Mark L. Joseph, vice chairman and chief executive officer of the French-owned Veolia Transportation, attacked my testimony before the House Subcommittee on Railroads, Pipelines and Hazardous Materials, saying in a letter to Subcommittee Chairman Rep. Bill Shuster, R-Pa., and chairman of the full House Transportation and Infrastructure Committee, Rep. John Mica, R-Fla., that I had made "false and misleading statements."
Joseph then filled more than two pages with false and misleading statements in an overt attempt to cover up the facts.
After a story on Joseph's false allegations ran in the Ventura County Star, Alan B. Moldawer, Veolia executive vice president and general counsel, followed up with a column in The Star that again skirts Veolia's culpability.
The facts that I laid out in my testimony before the subcommittee were taken not only from the National Transportation Safety Board report, which is the only report Joseph and Moldawer wished to cite in their criticism, but also from a Connex Rail Efficiency Test (Connex is the subsidiary of Veolia that operated the Metrolink trains), from the many depositions and interviews by employees who supervised or worked closely with the engineer who ran a red signal because he was texting at the time, and from other government documents.
The facts are well documented. Cherry-picking by Veolia will not change them. I'm not going to respond song and verse to Veolia's here. I have done that in another forum, a copy of which can be found on my website (http://tinyurl.com/3dudle4). Instead, I will focus on the 24 families who lost a loved one and the more than 135 people whose lives are forever altered because of Veolia's history of negligence.
I will instead focus on Veolia's ability to pay fair compensation to the victims, its clear knowledge that the $200 million cap is insufficient to pay for real damages to the survivors, and its refusal to be fair to the people who are hurting.
Let's be clear who these people are that Veolia is ignoring. Mackenzie Souser, a 15-year-old Camarillo girl whose father I know only from the stories Mackenzie and her family tell me about him, testified with me at the hearing.
She not only talked about the loss of her father in the Sept. 12, 2008, crash, she also talked about the wife and son who watched her husband and his father die before their eyes.
She talked of the girl who just had been accepted to medical school but who was so severely injured that doctors had to remove part of her brain. This once-promising young woman will need constant care for the rest of her life just to function at a basic level.
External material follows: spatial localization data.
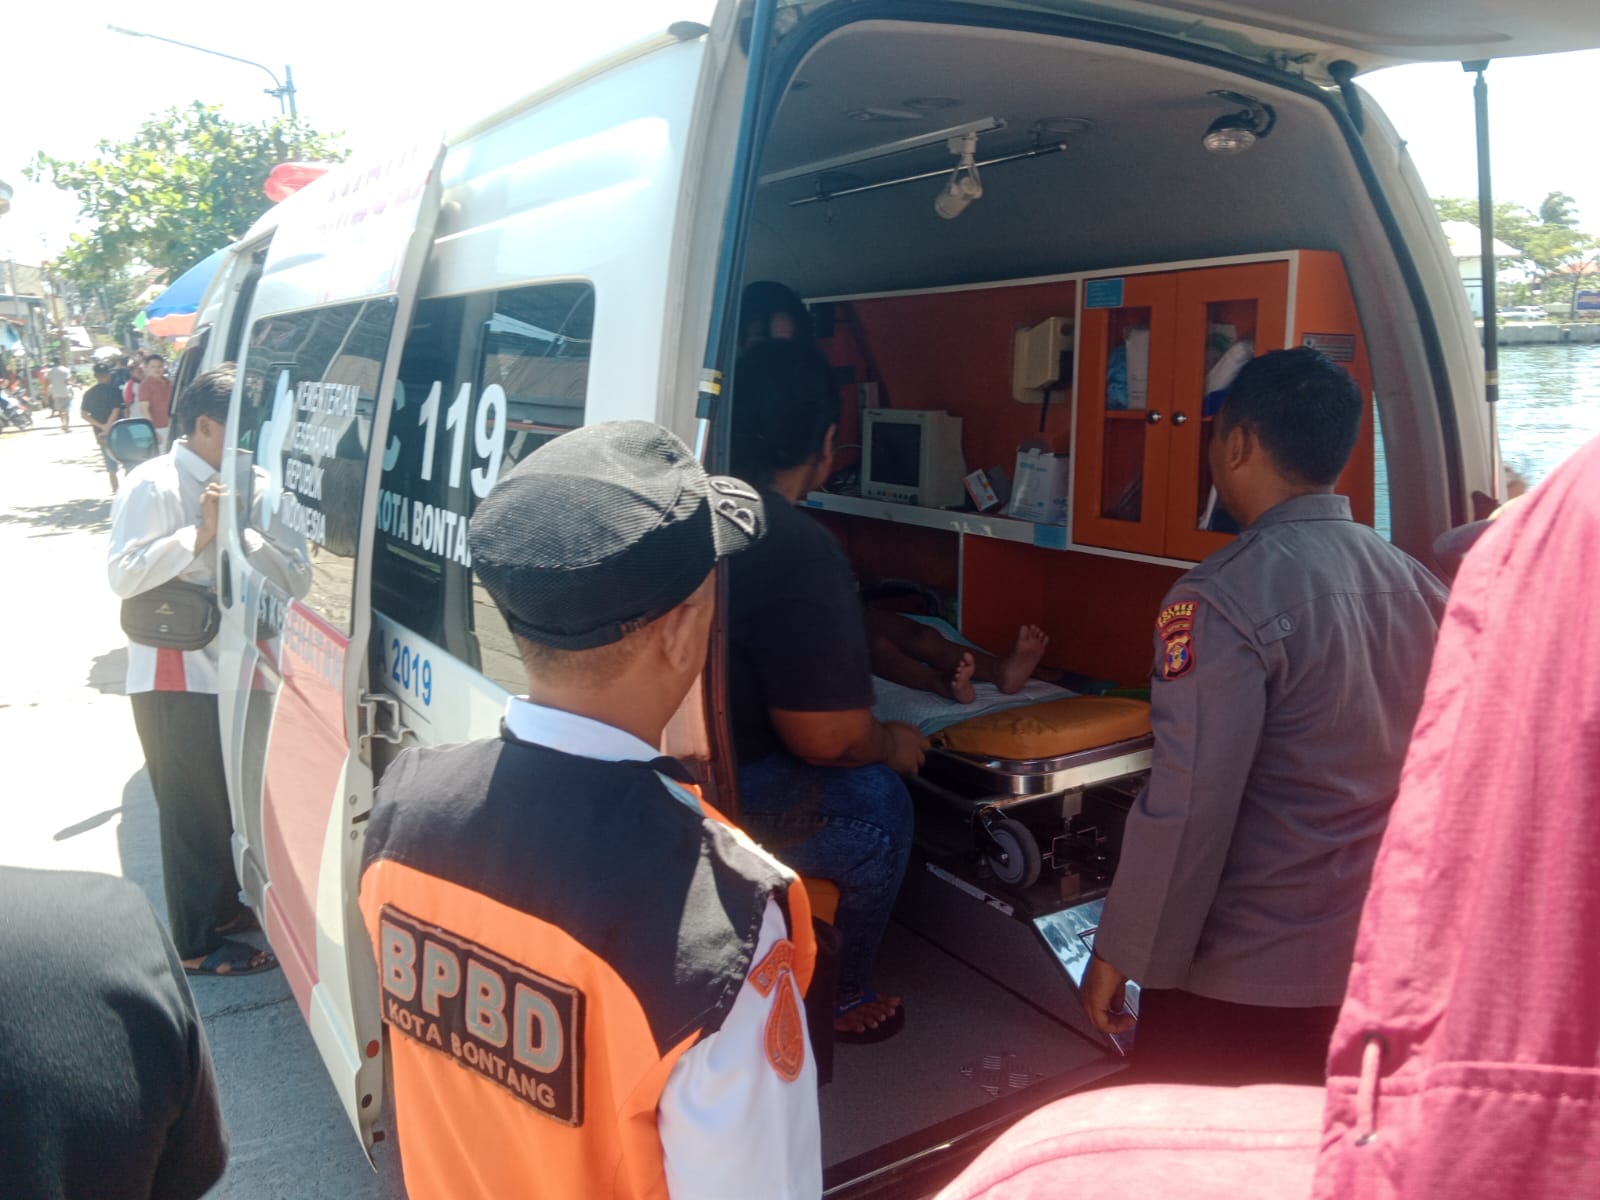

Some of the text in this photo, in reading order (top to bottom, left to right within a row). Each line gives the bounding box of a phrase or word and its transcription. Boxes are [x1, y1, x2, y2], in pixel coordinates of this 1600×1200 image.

[418, 380, 507, 498] 119
[411, 500, 472, 569] BONTA
[392, 638, 433, 707] 2019
[381, 919, 565, 1075] BPBD
[387, 998, 556, 1109] KOTA BONTANG
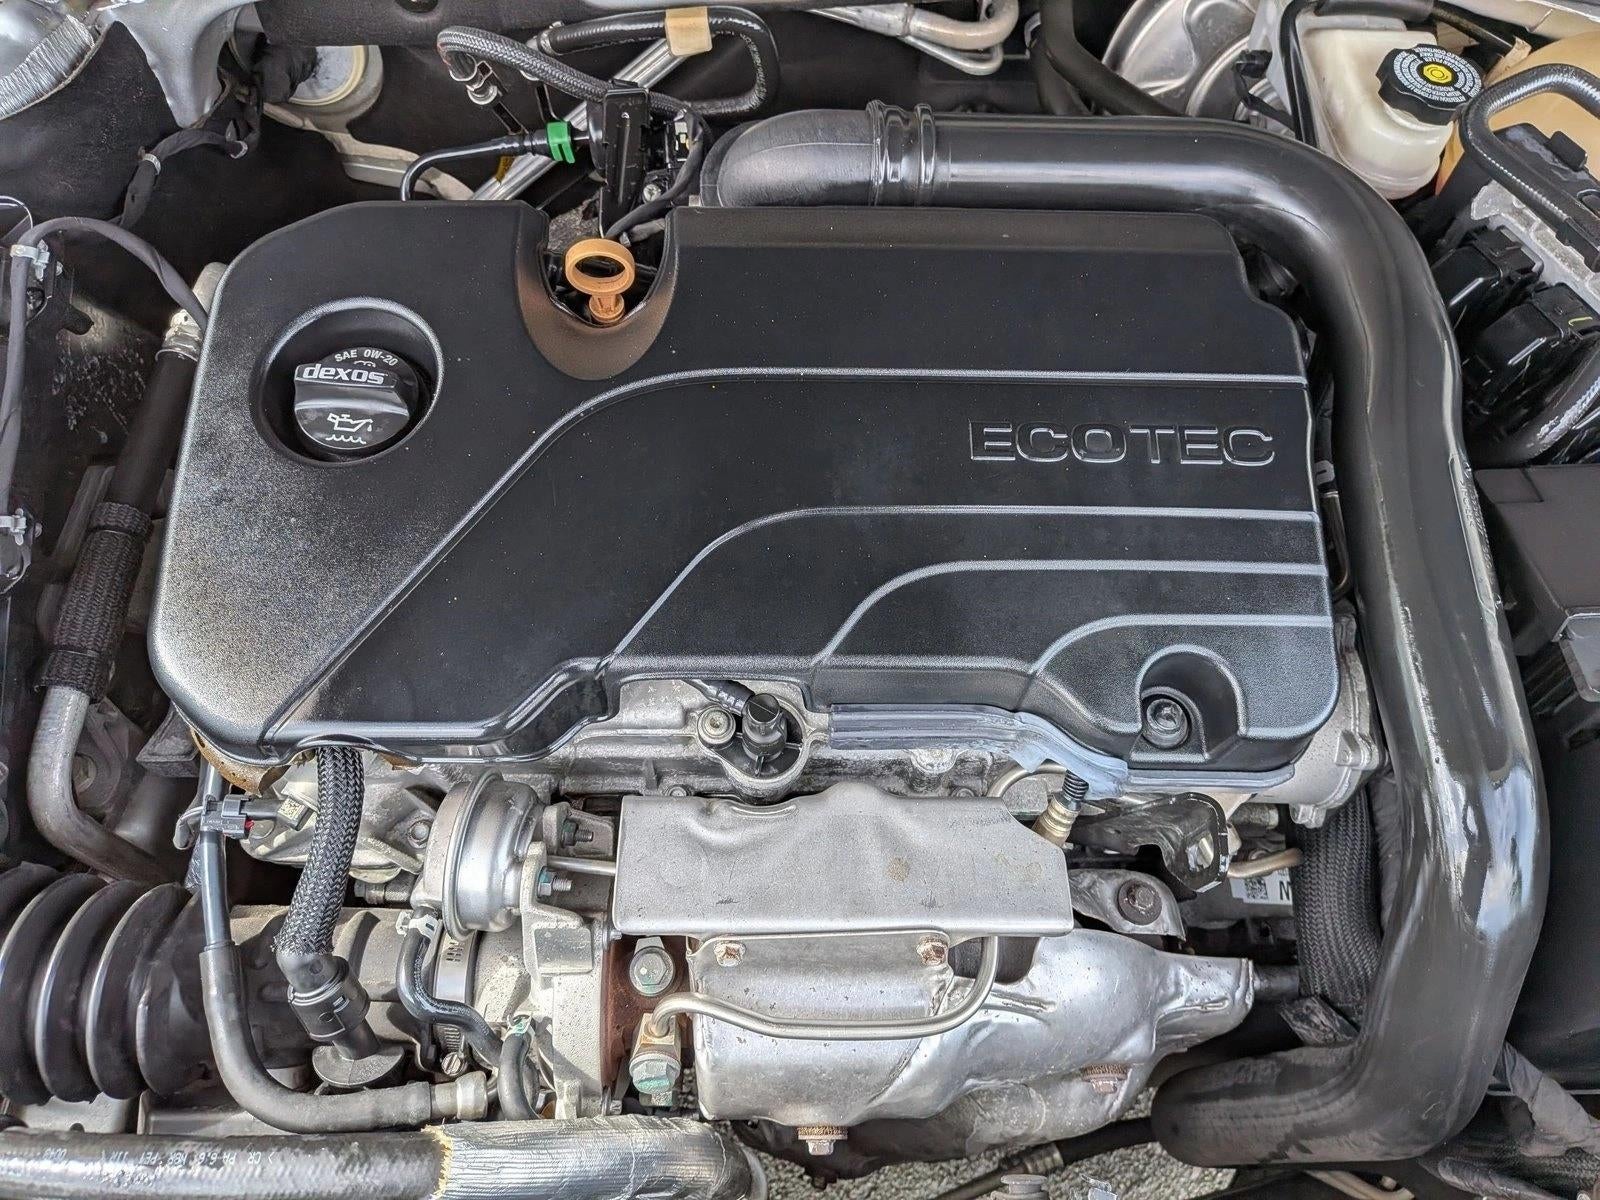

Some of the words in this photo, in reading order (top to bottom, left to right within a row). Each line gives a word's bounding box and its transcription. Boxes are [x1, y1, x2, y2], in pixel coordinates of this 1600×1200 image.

[334, 349, 358, 362] SAE
[363, 349, 399, 367] 0W-20
[302, 363, 385, 385] dexos
[967, 420, 1277, 466] ECOTEC
Mackenzie also talked about a man who already has had five major surgeries and now has diabetes because doctors were forced to remove his pancreas. She talked of a 25-year-old man who "now has screws and hardware all through his back and will need more operations to be able to just function." She talked of others injured in the crash that day, real people who through no fault of their own will have a lifetime of medical bills or only memories of a loved one, and whose pain Mackenzie shares.
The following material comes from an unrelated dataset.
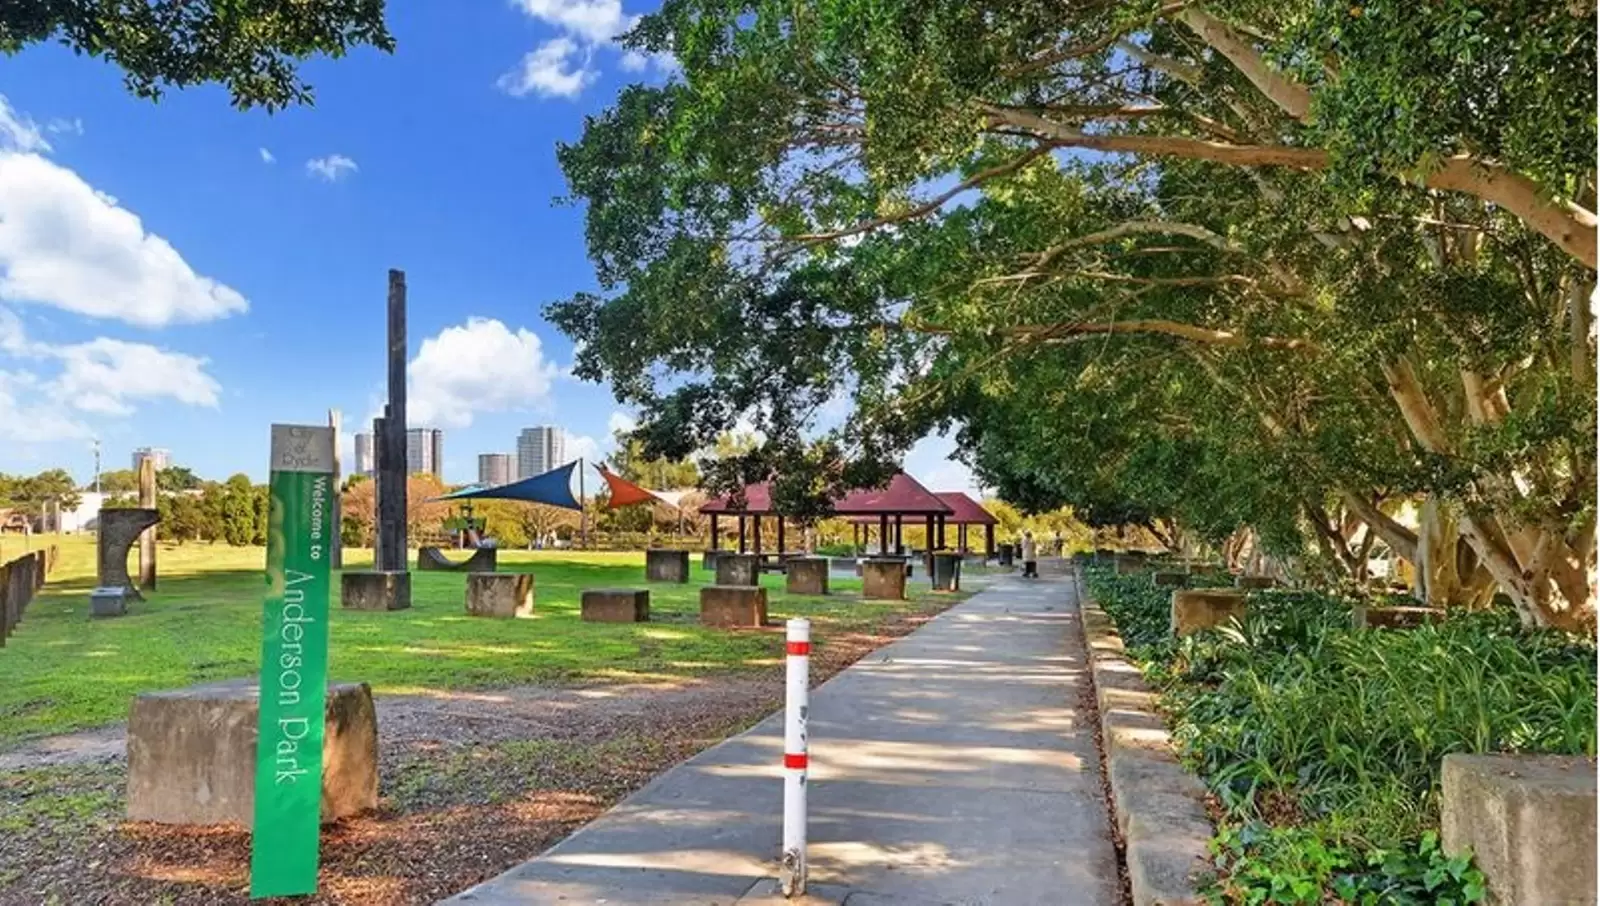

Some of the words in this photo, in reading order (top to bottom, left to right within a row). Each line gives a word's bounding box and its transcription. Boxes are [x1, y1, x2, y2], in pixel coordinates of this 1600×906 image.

These are the real people who Veolia is ignoring, even after Moldawer and two other Veolia executives met with more than 60 victims and family members in February and heard their stories of loss.
Fact: Despite that meeting with more than 60 victims and family members, Joseph makes the false assertion that "only a small number of claimants and their trial lawyers have publicly expressed the view that the $200 million is inadequate financial recovery."
Joseph not only ignores the real people at that meeting, he also ignores a respected retired justice of the California Court of Appeal who evaluated the damages caused to the victims and concluded that a fair settlement for the victims would be two to three times the amount of the liability cap.
Joseph ignores the fact that Veolia admitted in federal court documents that all parties concede that the liability for claims arising from the Chatsworth collision "exceed $200 million" and that "because the damages sustained exceed the damages cap" established in a 1997 law, Veolia is only willing to pay the amount of the cap.
Joseph conveniently ignores the fact that Veolia, a multibillion-dollar French company, has sufficient insurance coverage to fairly compensate the victims without dipping into its profits. In other words, Veolia shareholders will not be economically injured by paying for the lifetime care of the once-future doctor or to the others who Veolia has caused a lifetime of injury.
Given the facts, I once again call on Veolia Transportation to end its war against the victims, to do the right thing and to fairly compensate the victims and families for the injuries Veolia caused in the avoidable Sept. 12, 2008, Metrolink crash.